Channelpedia

PubMed 22556011


Referenced in: none

Automatically associated channels: TRP , TRPV , TRPV1



Title: The expression and functionality of transient receptor potential vanilloid 1 in ovarian endometriomas.

Authors: Jiangang Liu, Xishi Liu, Kaizheng Duan, Yuqiu Zhang, Sun-Wei Guo

Journal, date & volume: Reprod Sci, 2012 Oct , 19, 1110-24

PubMed link: http://www.ncbi.nlm.nih.gov/pubmed/22556011


Abstract
Pains of various kinds--dysmenorrhea, chronic pelvic pain, and dyspareunia--are the major complaints from women with endometriosis, representing the most debilitating nature of the disease.
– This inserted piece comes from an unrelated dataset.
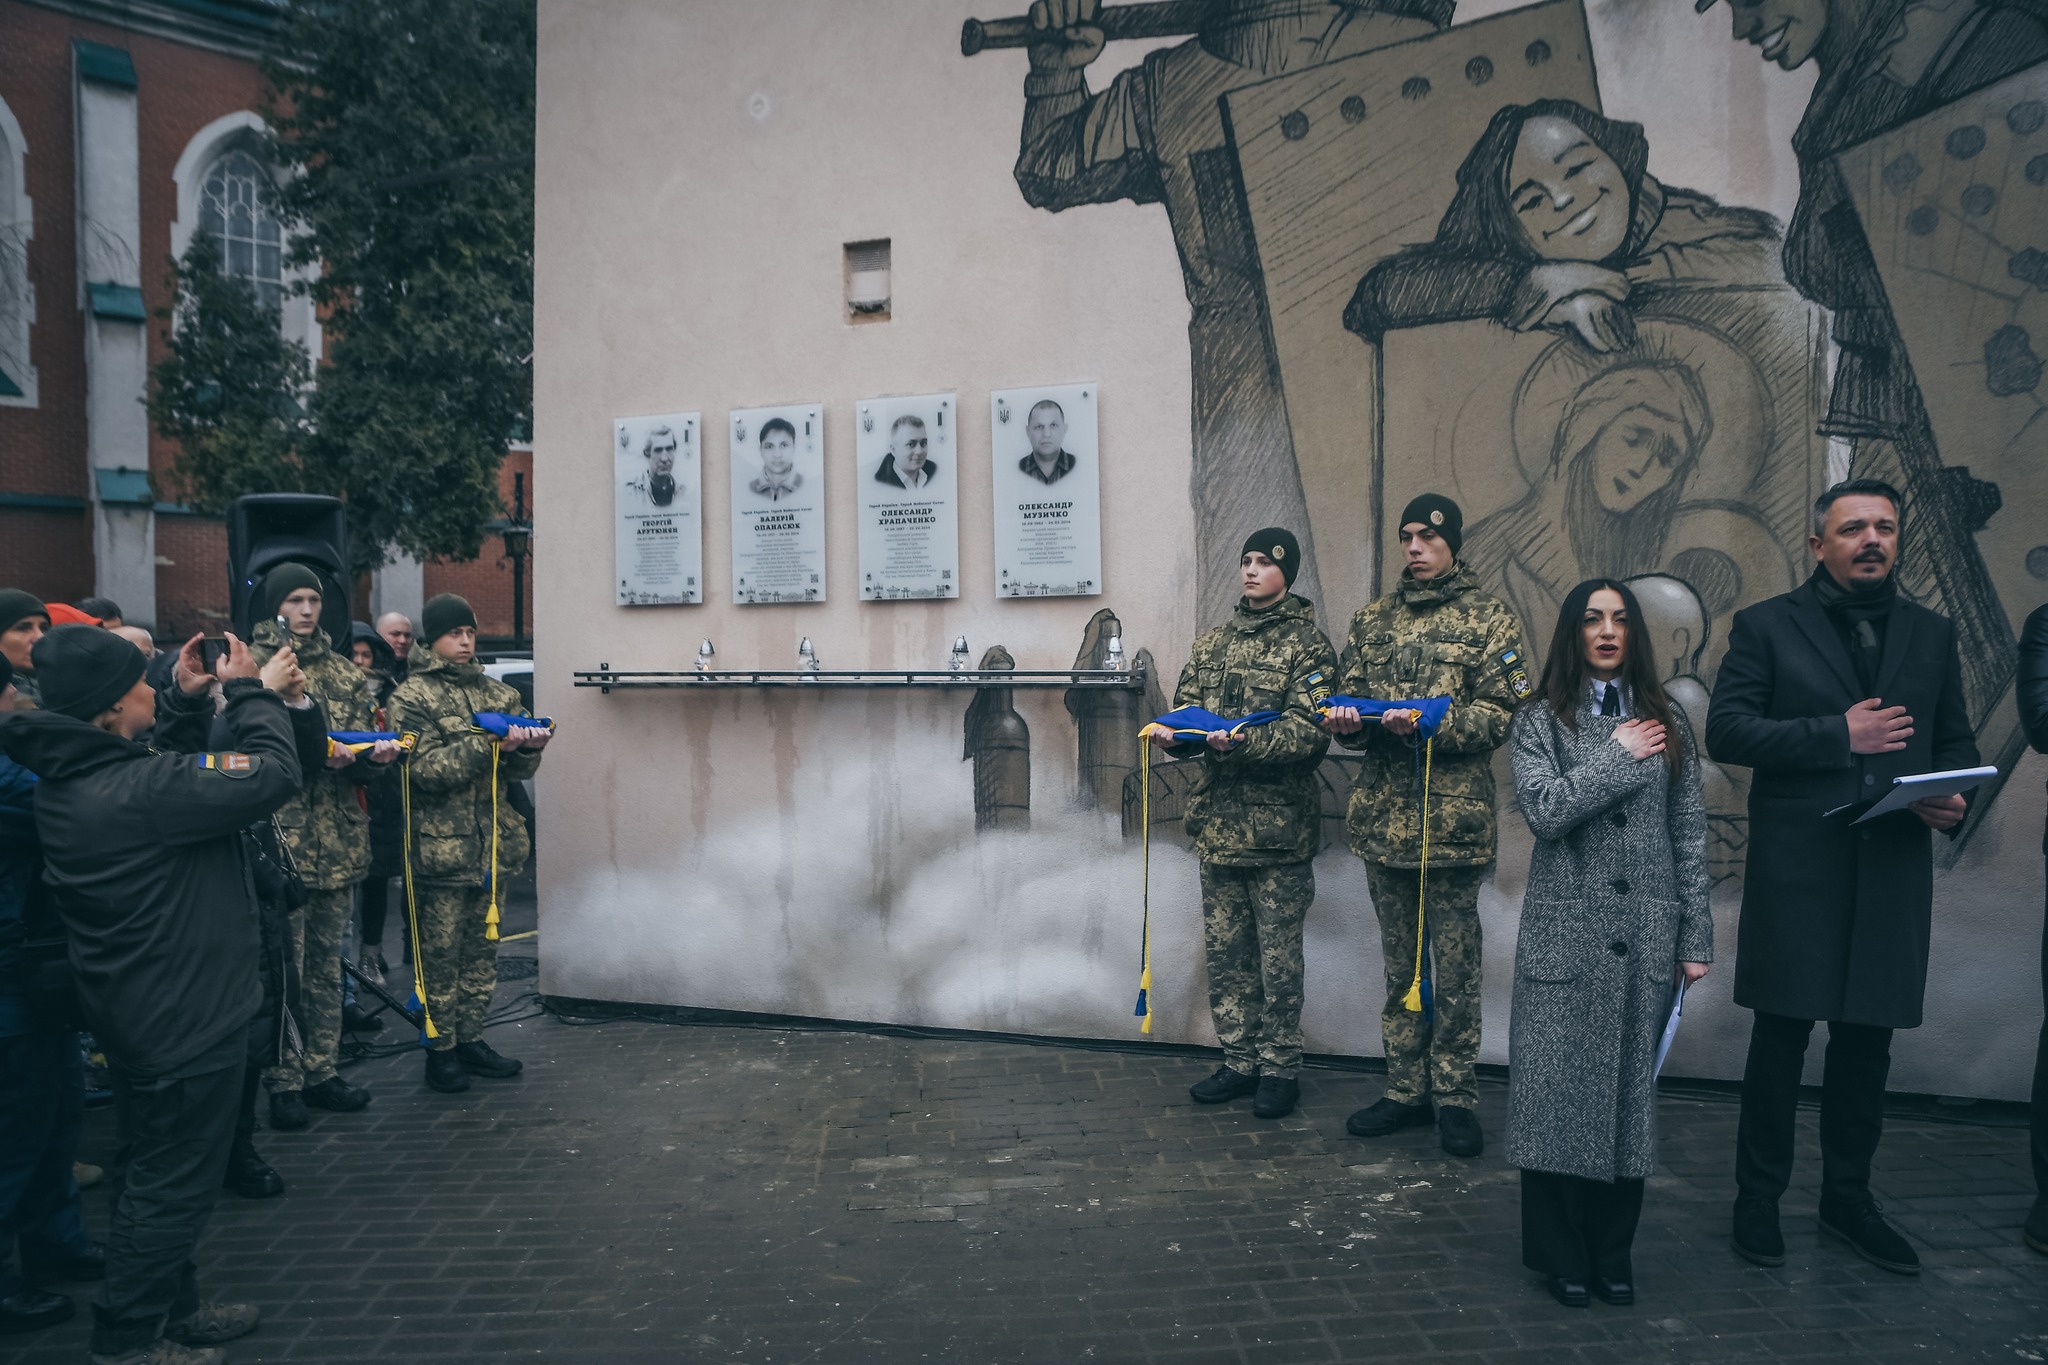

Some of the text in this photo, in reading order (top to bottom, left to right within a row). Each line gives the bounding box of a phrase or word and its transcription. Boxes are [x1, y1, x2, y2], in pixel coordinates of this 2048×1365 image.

Despite extensive research, our understanding as how endometriosis causes pain is still fragmentary. In this study, we examined transient receptor potential vanilloid 1 (TRPV1)-positive nerve fibers in ectopic endometrium from women with ovarian endometriomas and in endometrium from women without endometriosis and correlated the density with the severity of dysmenorrhea in cases. We also performed an immunohistochemistry analysis of TRPV1 in ectopic and control endometrium. After finding TRPV1 immunoreactivity in ectopic endometrial cells, we further examined whether TRPV1 is functional in ectopic endometrial stromal cells (EESCs). We found that the density of TRPV1-positive nerve fibers in ectopic endometrial implants is higher than that in control endometrium and correlates positively with the severity of dysmenorrhea in women with endometriosis. In addition, TRPV1 expression was also found to be elevated significantly in EESCs when stimulated with inflammatory mediators such as prostaglandin E2 (PGE(2) ) and tumor necrosis factor-α (TNF-α). Finally, we found that TRPV1 activation can induce the release of nitric oxide (NO) and interleukin 1β (IL-1β) in EESCs. The latter finding appears to be consistent with the reports of increased TRPV1 protein expression following peripheral inflammation. Our results suggest that the increased TRPV1-positive nerve fibers may integrate various stimuli on peripheral terminals or primary sensory neurons and generate hyperalgesia in endometriosis. The expression and functionality of TRPV1 in EESCs also suggest that TRPV1 may have neurosecretory functions that are yet to be elucidated.